• En juin 1988, paraît dans Nature un article où est affirmée la possibilité d'un effet moléculaire sans présence physique de molécule ; l'eau se comporterait comme un support liquide sur laquelle des signaux moléculaires pourraient être enregistrés. Cette thèse est soutenue par Jacques Benveniste, un chercheur de l'Inserm alors reconnu pour ses travaux sur les médiateurs de l'allergie. Le jour de la parution de l'article, le journal Le Monde parle d'une découverte qui «pourrait bouleverser les fondements de la physique ». C'est le début d'une immense polémique à laquelle Luc Montagnier, prix Nobel de médecine en 2008, a redonné récemment une certaine actualité. L'objectif de ce livre est de proposer un éclairage sociologique sur cette controverse.

    Après une description des étapes de la controverse, l'auteur s'attache à démontrer que le contenu des arguments et des contre-arguments qui font la trame de la dispute renvoie à des conceptions divergentes des modalités de mise en oeuvre des normes au principe du jugement scientifique. Aucun des protagonistes ne remet complètement en cause ces normes, mais tous s'affrontent sur la façon dont il convient de les mettre en oeuvre. C'est à la découverte des coulisses du processus de légitimation d'une thèse scientifique que le lecteur est convié à partir de l'étude de cette controverse qui a notamment contribué à relancer les débats sur l'homéopathie.

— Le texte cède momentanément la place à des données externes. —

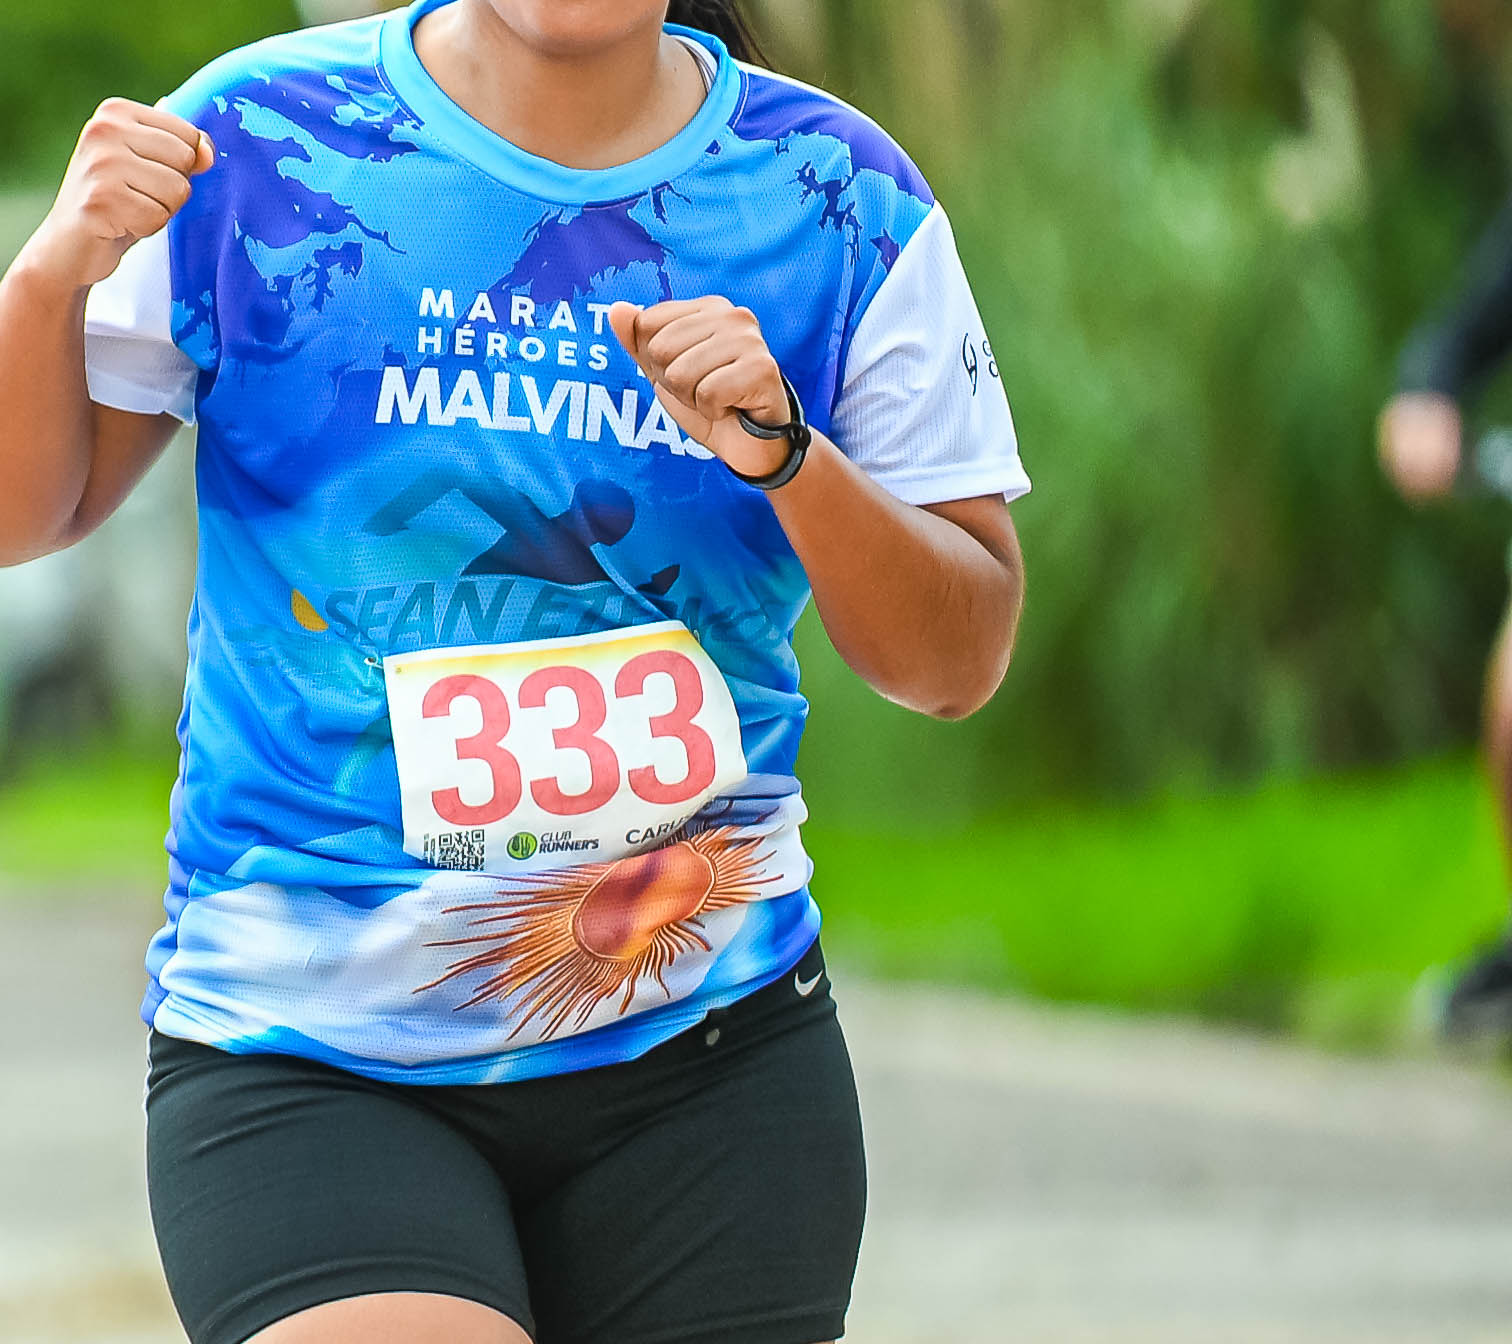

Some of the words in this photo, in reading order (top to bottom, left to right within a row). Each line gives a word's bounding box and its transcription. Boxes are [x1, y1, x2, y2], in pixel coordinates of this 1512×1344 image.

  • La science est actuellement en sociologie l'objet de débats intenses concernant sa définition, son organisation et les liens qui l'unissent à la société globale. Derrière les positions en présence se profilent plus que des représentations contrastées de la science ; on peut y repérer en filigrane des
    visions différentes du monde social et de ce qu'il devrait être. La tâche est en fait plus aisée lorsque les débats scientifiques sont portés sur la place publique et cela a été le cas tout récemment en ce qui concerne les études sociales de la science grâce à l'affaire Sokal, dernier avatar de ce que l'on appelle fréquemment la « guerre des sciences » : l'épisode a amené un certain nombre de sociologues et plus largement d'intellectuels à se mobiliser autour de deux représentations diamétralement opposées de la science.
    Depuis les années 1970, la science est la cible d'attaques de la part d'universitaires, de chercheurs et d'intellectuels. D'abord localisé aux États-Unis, ce mouvement critique a gagné l'Europe. Il accuse la science de contribuer à la domination de certaines minorités sociales, d'affirmer la
    supériorité épistémologique de la science occidentale, d'être la béquille des complexes militaroindustriels et d'être responsable de la situation écologique déplorable de la planète. Une idéologie anti-science s'est ainsi développée, suscitant l'essor d'un relativisme intellectuel pour lequel la vérité n'existe pas - sinon comme le produit de conditions locales - et pour lequel les positions
    intellectuelles ne peuvent être qu'incommensurables. Mais ce n'est pas tout. Cette position a engendré également des attaques contre l'idée selon laquelle il est nécessaire de préserver une certaine autonomie de la science pour qu'elle continue à fonctionner efficacement. Jusqu'alors, la thèse selon laquelle la science ne pouvait se développer que sous les auspices de la démocratie prévalait ; aujourd'hui, c'est l'idée d'une domestication nécessaire de la science par la démocratie qui est mise en avant et tend visiblement à inscrire la science sous la coupe des lois du marché. Le propos de ce livre est d'exposer trois points de vue sociologiques sur la science et l'innovation
    technique. Les deux premiers apparaissent être plus ou moins comme les versions académiques des deux positions qui se sont affrontées et continuent à s'affronter dans le contexte de « guerre des sciences ». La troisième perspective procède d'une tentative de dépassement des deux approches précédentes. Il s'agit d'explorer non seulement les mécanismes sociaux qui donnent à la science son autonomie en lui permettant de préserver une capacité à définir ses propres critères d'excellence professionnelle. Cette sociologie là met en évidence combien la science est dotée d'une certaine
    unité et en quoi elle renvoie à des formes de savoirs particuliers caractérisés par une universalité qui a longtemps été pensée épistémologiquement mais qui peut être aussi analysée et appréhendée sociologiquement. Par ailleurs, elle tente de proposer des pistes permettant de penser les modalités d'articulation entre le champ scientifique et les autres champs sociaux.